→ MATERIAL FOR THIS TASK:
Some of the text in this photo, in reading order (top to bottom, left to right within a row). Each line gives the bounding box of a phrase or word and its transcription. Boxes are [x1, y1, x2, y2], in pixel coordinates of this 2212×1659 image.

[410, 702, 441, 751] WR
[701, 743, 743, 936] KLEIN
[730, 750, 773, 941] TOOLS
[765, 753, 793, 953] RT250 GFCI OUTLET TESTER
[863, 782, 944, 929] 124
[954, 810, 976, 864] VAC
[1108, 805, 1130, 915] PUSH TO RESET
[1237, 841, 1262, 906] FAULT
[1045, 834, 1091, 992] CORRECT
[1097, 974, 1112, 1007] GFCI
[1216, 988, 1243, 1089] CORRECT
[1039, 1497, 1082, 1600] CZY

→ EXERCISE DIRECTIONS: Word for word, write out every line of the listing.

→ SOLUTION:
Some of the text in this photo, in reading order (top to bottom, left to right within a row). Each line gives the bounding box of a phrase or word and its transcription. Boxes are [x1, y1, x2, y2], in pixel coordinates of this 2212×1659 image.

[410, 702, 441, 751] WR
[701, 743, 743, 936] KLEIN
[730, 750, 773, 941] TOOLS
[765, 753, 793, 953] RT250 GFCI OUTLET TESTER
[863, 782, 944, 929] 124
[954, 810, 976, 864] VAC
[1108, 805, 1130, 915] PUSH TO RESET
[1237, 841, 1262, 906] FAULT
[1045, 834, 1091, 992] CORRECT
[1097, 974, 1112, 1007] GFCI
[1216, 988, 1243, 1089] CORRECT
[1039, 1497, 1082, 1600] CZY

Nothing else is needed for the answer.